People pack church to hear Navy OLF presentation
Published 7:46 am Friday, May 1, 2009
JARRATT— Bethlehem Baptist Church was packed with frustrated residents opposed to plans for an outlying landing field Tuesday night, and U.S. Navy Cmdr. Matt Baker was feeling the heat of their anger.
He described a scene from “Frankenstein,” where villagers wielding torches chase the monster into a windmill and set it on fire.
“There’s no need for that tonight,” said Baker, probably hoping a little humor might calm the crowd.
It didn’t work.
“This isn’t funny to us,” someone in the crown shouted.
“This is where we live,” said another.
The meeting, held Tuesday night near the Southampton County-Sussex line, drew nearly 200 people to the church. With the pews full, many chose to stand along the walls of the main sanctuary. Others watched on closed-circuit television in an adjoining building.
The subject at hand was the Mason site, one of five areas targeted by the Navy as possible locations for an OLF needed to support training requirements for pilots. In addition to the Mason site, two others are in Virginia.
The Dory site also straddles the Southampton-Sussex border, north of the Mason site. The Cabin Point site is near the confluence of Surry, Prince George and Sussex counties. The two other locations are in North Carolina, mostly affecting Gates County.
The Navy representatives hoped to keep the meeting focused on the reasons it needs an OLF and the general conditions and timetable under which the location decision will be made. Many of those in attendance, however, wanted to know why so little specific information is getting to those who may be affected most.
Chris Bradshaw lives in Grizzard, just a few miles from the Mason site. He did not receive a postcard with OLF information from the Navy’s consultants, but his father, who lives near Franklin, did get a card.
Asked to raise their hands if they received a postcard, about 10 people from the audience responded. Baker and his staff pledged to improve that situation.
Bruce Phillips, who farms near Sebrell, said better maps are needed. Those he has seen left him unclear about the true footprint of the project, which the Navy describes as about 24,000 acres, with additional restrictions on another 6,000-to-8,000 acres.
“The maps need to show the exact footprint and show the roads,” he said. “That would give us a better idea of how this will impact us.”
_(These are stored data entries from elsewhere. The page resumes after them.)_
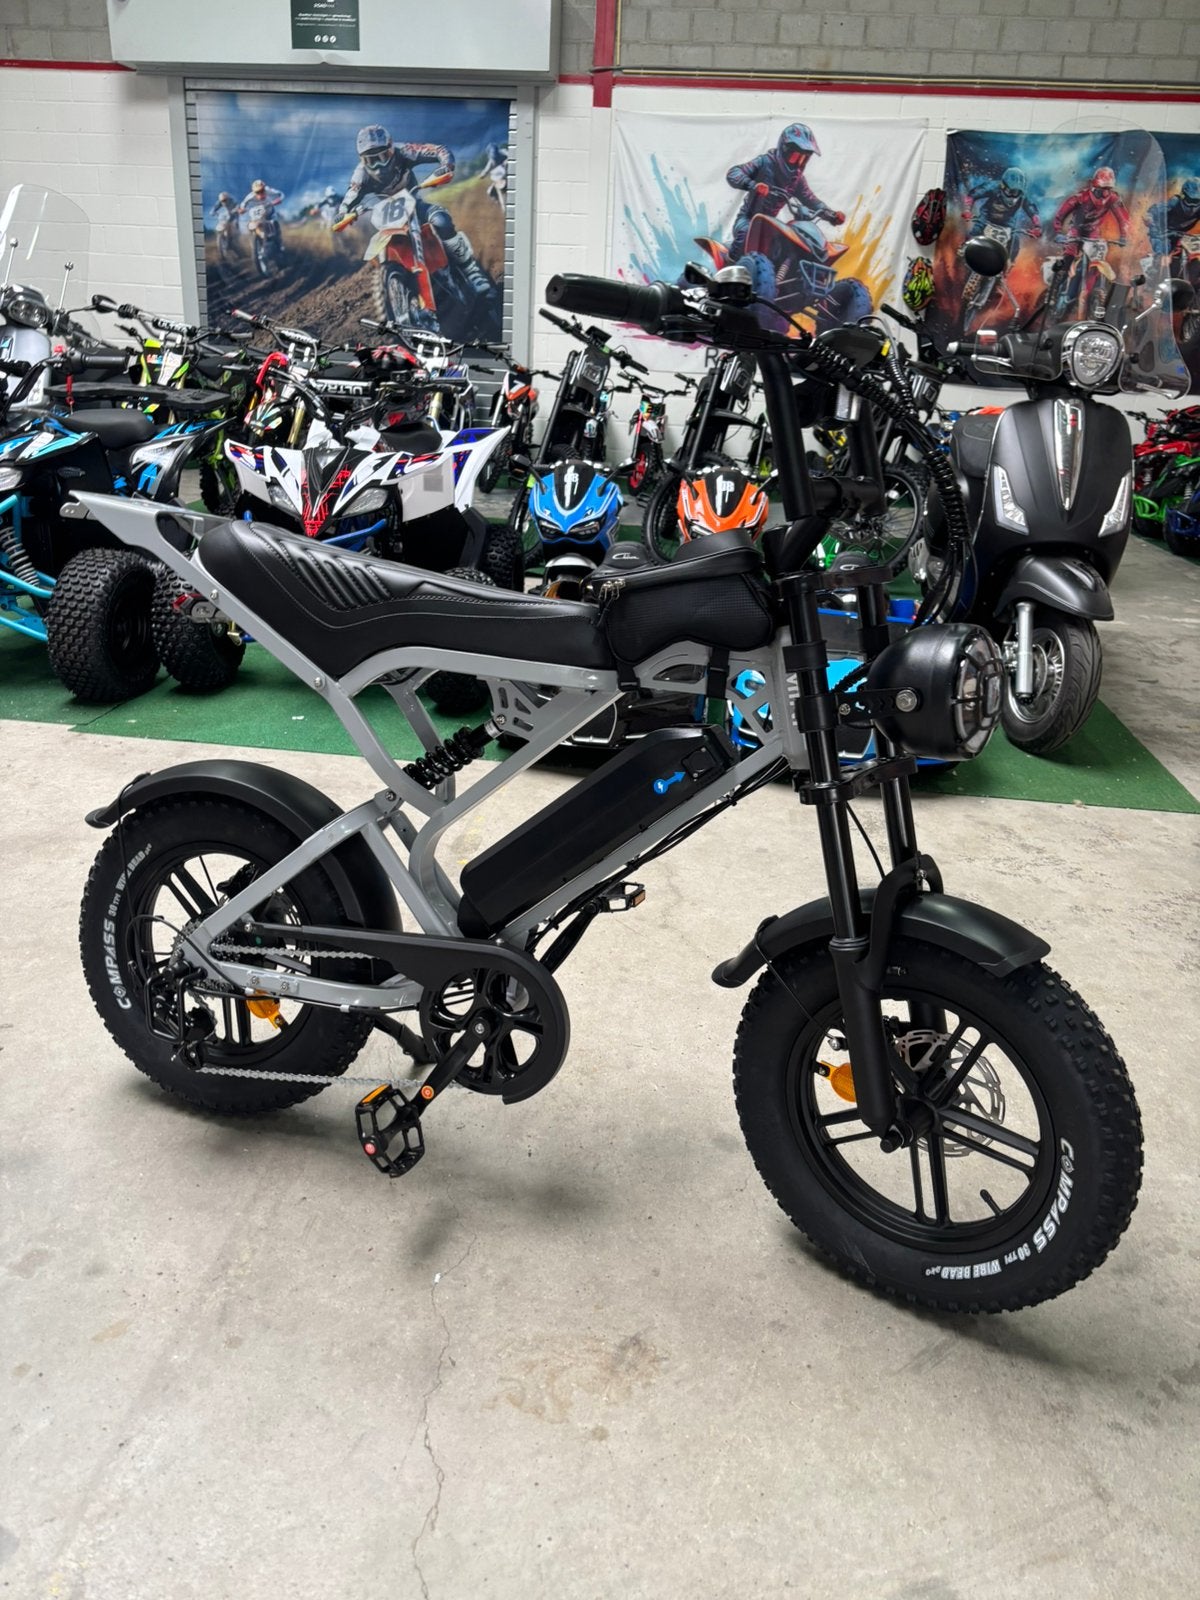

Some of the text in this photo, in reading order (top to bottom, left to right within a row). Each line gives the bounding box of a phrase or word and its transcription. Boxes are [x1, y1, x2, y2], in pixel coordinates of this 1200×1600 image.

[381, 197, 406, 224] 18
[103, 917, 132, 1010] COMPASS
[127, 850, 146, 874] BEAD
[1032, 1138, 1075, 1254] COMPASS
[940, 1265, 972, 1280] BEAD
[973, 1258, 1002, 1278] WIRE
Lynda Updike of Statesville asked if the Navy’s pilots are being trained adequately now. Baker answered yes, explaining that pilots often get the specific training the OLF would provide by travelling to Jacksonville, Fla.
The expense of doing so is great, he said, plus there is considerable wear and tear in the airplanes.
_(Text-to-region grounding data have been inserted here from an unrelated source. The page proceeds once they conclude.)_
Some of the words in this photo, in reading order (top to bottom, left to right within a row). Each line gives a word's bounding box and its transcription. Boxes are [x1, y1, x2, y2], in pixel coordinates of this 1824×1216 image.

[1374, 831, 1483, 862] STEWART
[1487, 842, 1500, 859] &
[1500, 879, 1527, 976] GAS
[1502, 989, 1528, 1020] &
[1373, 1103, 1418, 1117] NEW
Afterward, Updike summed up the concerns many attendees expressed during the meeting.
“I’m a wife and mother first,” she said, “but after that I’m a farmer. I would hate to see the impact of this project on our rural lifestyle and heritage.”
Baker explained that a Draft Environmental Impact Statement (DEIS) would be released late this summer with public hearings and a 60-day public comment period to follow.
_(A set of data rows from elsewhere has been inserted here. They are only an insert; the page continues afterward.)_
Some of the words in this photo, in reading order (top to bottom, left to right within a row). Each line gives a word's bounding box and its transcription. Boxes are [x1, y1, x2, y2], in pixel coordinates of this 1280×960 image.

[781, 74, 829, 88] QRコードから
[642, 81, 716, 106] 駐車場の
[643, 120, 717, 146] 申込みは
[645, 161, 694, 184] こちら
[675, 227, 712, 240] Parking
“That is the time for foot-stomping,” he said. “Everybody in here will have the opportunity to have their voices heard.”
Following the 60-day comment period, Baker said, the DEIS for each of the sites will be finalized and presented to the secretary of the Navy, who will make the final decision.
He said the Mason site could employ around 60 non-Navy personnel, doing jobs such as refueling aircraft, providing security, cleaning buildings and cutting grass. He said there are no guarantees these jobs would go to local people.
“The larger goal for the Navy is to develop economic opportunities that provide benefits beyond the OLF itself,” said Baker. “Maybe the community needs something like a water-treatment facility. While there’s an 80 percent chance the OLF will go somewhere else, there’s a 20 percent chance it will go here.”
Baker said residents at all of the proposed sites should decide what they want from the Navy if their community is impacted, and make that point known to their county representatives.
Southampton County Administrator Mike Johnson attended the meeting. There was no new information in the presentation, he said, stressing that it is important for local residents “to fully avail themselves to the rights and privileges that the National Environmental Policy Act (NEPA) affords them.
“Folks want straight answers to their questions,” he said. “If the Navy does its job, many of those questions should be answered in the DEIS that it will release later this summer.”
Interested citizens should remain vigilant and fully engaged in this process, he said.
“As soon as the DEIS is available, they will have a relatively brief window of opportunity to digest it and respond with questions and comments. The Navy will schedule a public hearing soon after release of the DEIS. That’s when interested citizens should pack the house and flood the Navy with comments.
“They’ll also have up to 60 days to send written comments to the Navy. They need to take full advantage of that opportunity,” Johnson stressed. “They also need to regularly communicate their concerns with Virginia’s congressional delegation and gubernatorial candidates.”
Like many attendees, Johnson thought the OLF representatives could have given more time to the meeting, which lasted about an hour.
“The Navy certainly didn’t help itself last night. They’ve maintained they want dialog with the community,” he said. “Last night was a golden opportunity and they pulled the plug after an hour. Democracy doesn’t operate on a time clock.”